— What you have to do —
Once you have read the entries below, give them all again without any difference.

------ Records supplied

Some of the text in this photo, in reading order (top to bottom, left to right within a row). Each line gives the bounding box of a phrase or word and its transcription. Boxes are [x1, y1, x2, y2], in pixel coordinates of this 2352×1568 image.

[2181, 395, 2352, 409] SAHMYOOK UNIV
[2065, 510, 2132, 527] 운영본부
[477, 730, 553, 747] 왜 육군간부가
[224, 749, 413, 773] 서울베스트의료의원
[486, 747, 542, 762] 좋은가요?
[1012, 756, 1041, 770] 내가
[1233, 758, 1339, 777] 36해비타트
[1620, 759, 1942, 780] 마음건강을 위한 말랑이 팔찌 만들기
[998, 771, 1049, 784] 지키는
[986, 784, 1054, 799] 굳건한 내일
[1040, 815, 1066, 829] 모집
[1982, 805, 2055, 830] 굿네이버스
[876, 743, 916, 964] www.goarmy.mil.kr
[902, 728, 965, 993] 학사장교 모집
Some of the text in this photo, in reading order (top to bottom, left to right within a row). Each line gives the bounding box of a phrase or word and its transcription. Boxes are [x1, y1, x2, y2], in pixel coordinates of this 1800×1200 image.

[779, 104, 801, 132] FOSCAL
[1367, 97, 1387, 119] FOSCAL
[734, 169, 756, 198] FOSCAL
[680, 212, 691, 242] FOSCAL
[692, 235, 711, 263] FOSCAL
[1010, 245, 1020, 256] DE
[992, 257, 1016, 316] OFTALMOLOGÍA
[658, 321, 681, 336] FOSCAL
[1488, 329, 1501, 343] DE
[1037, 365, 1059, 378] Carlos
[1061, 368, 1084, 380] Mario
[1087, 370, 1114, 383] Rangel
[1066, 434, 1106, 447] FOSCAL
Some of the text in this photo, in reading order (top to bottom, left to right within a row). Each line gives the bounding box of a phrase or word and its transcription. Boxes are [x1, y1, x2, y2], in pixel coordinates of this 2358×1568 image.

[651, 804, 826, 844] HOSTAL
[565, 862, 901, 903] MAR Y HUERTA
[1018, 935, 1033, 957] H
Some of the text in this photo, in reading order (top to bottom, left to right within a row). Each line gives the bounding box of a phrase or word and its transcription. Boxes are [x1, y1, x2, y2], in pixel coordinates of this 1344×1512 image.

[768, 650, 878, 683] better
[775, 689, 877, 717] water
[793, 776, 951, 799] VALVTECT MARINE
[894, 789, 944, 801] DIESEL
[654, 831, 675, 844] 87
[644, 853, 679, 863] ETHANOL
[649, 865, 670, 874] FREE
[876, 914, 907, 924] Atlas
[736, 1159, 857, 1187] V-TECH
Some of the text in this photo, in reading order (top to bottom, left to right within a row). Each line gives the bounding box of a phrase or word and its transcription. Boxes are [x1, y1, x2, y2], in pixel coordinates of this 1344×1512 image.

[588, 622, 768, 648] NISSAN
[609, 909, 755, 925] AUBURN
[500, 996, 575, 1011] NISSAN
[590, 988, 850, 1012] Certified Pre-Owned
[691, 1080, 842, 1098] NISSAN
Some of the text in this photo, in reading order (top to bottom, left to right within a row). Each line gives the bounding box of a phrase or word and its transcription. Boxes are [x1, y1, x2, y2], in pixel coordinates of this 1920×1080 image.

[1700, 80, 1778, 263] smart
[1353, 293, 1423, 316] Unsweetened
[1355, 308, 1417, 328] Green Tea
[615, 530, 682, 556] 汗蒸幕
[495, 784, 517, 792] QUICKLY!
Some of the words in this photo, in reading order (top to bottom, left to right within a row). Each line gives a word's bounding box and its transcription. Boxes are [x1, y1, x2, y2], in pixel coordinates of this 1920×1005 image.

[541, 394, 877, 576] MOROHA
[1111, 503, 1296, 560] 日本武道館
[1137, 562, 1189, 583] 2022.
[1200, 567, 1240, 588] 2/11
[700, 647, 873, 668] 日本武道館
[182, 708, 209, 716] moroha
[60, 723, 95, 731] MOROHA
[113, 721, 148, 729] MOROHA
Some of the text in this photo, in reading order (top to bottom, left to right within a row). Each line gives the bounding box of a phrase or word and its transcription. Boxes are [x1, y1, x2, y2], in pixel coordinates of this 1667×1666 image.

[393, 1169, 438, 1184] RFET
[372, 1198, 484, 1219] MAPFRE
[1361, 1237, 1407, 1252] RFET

------------

— Solution —
Some of the text in this photo, in reading order (top to bottom, left to right within a row). Each line gives the bounding box of a phrase or word and its transcription. Boxes are [x1, y1, x2, y2], in pixel coordinates of this 2352×1568 image.

[2181, 395, 2352, 409] SAHMYOOK UNIV
[2065, 510, 2132, 527] 운영본부
[477, 730, 553, 747] 왜 육군간부가
[224, 749, 413, 773] 서울베스트의료의원
[486, 747, 542, 762] 좋은가요?
[1012, 756, 1041, 770] 내가
[1233, 758, 1339, 777] 36해비타트
[1620, 759, 1942, 780] 마음건강을 위한 말랑이 팔찌 만들기
[998, 771, 1049, 784] 지키는
[986, 784, 1054, 799] 굳건한 내일
[1040, 815, 1066, 829] 모집
[1982, 805, 2055, 830] 굿네이버스
[876, 743, 916, 964] www.goarmy.mil.kr
[902, 728, 965, 993] 학사장교 모집
Some of the text in this photo, in reading order (top to bottom, left to right within a row). Each line gives the bounding box of a phrase or word and its transcription. Boxes are [x1, y1, x2, y2], in pixel coordinates of this 1800×1200 image.

[779, 104, 801, 132] FOSCAL
[1367, 97, 1387, 119] FOSCAL
[734, 169, 756, 198] FOSCAL
[680, 212, 691, 242] FOSCAL
[692, 235, 711, 263] FOSCAL
[1010, 245, 1020, 256] DE
[992, 257, 1016, 316] OFTALMOLOGÍA
[658, 321, 681, 336] FOSCAL
[1488, 329, 1501, 343] DE
[1037, 365, 1059, 378] Carlos
[1061, 368, 1084, 380] Mario
[1087, 370, 1114, 383] Rangel
[1066, 434, 1106, 447] FOSCAL
Some of the text in this photo, in reading order (top to bottom, left to right within a row). Each line gives the bounding box of a phrase or word and its transcription. Boxes are [x1, y1, x2, y2], in pixel coordinates of this 2358×1568 image.

[651, 804, 826, 844] HOSTAL
[565, 862, 901, 903] MAR Y HUERTA
[1018, 935, 1033, 957] H
Some of the text in this photo, in reading order (top to bottom, left to right within a row). Each line gives the bounding box of a phrase or word and its transcription. Boxes are [x1, y1, x2, y2], in pixel coordinates of this 1344×1512 image.

[768, 650, 878, 683] better
[775, 689, 877, 717] water
[793, 776, 951, 799] VALVTECT MARINE
[894, 789, 944, 801] DIESEL
[654, 831, 675, 844] 87
[644, 853, 679, 863] ETHANOL
[649, 865, 670, 874] FREE
[876, 914, 907, 924] Atlas
[736, 1159, 857, 1187] V-TECH
Some of the text in this photo, in reading order (top to bottom, left to right within a row). Each line gives the bounding box of a phrase or word and its transcription. Boxes are [x1, y1, x2, y2], in pixel coordinates of this 1344×1512 image.

[588, 622, 768, 648] NISSAN
[609, 909, 755, 925] AUBURN
[500, 996, 575, 1011] NISSAN
[590, 988, 850, 1012] Certified Pre-Owned
[691, 1080, 842, 1098] NISSAN
Some of the text in this photo, in reading order (top to bottom, left to right within a row). Each line gives the bounding box of a phrase or word and its transcription. Boxes are [x1, y1, x2, y2], in pixel coordinates of this 1920×1080 image.

[1700, 80, 1778, 263] smart
[1353, 293, 1423, 316] Unsweetened
[1355, 308, 1417, 328] Green Tea
[615, 530, 682, 556] 汗蒸幕
[495, 784, 517, 792] QUICKLY!
Some of the words in this photo, in reading order (top to bottom, left to right within a row). Each line gives a word's bounding box and its transcription. Boxes are [x1, y1, x2, y2], in pixel coordinates of this 1920×1005 image.

[541, 394, 877, 576] MOROHA
[1111, 503, 1296, 560] 日本武道館
[1137, 562, 1189, 583] 2022.
[1200, 567, 1240, 588] 2/11
[700, 647, 873, 668] 日本武道館
[182, 708, 209, 716] moroha
[60, 723, 95, 731] MOROHA
[113, 721, 148, 729] MOROHA
Some of the text in this photo, in reading order (top to bottom, left to right within a row). Each line gives the bounding box of a phrase or word and its transcription. Boxes are [x1, y1, x2, y2], in pixel coordinates of this 1667×1666 image.

[393, 1169, 438, 1184] RFET
[372, 1198, 484, 1219] MAPFRE
[1361, 1237, 1407, 1252] RFET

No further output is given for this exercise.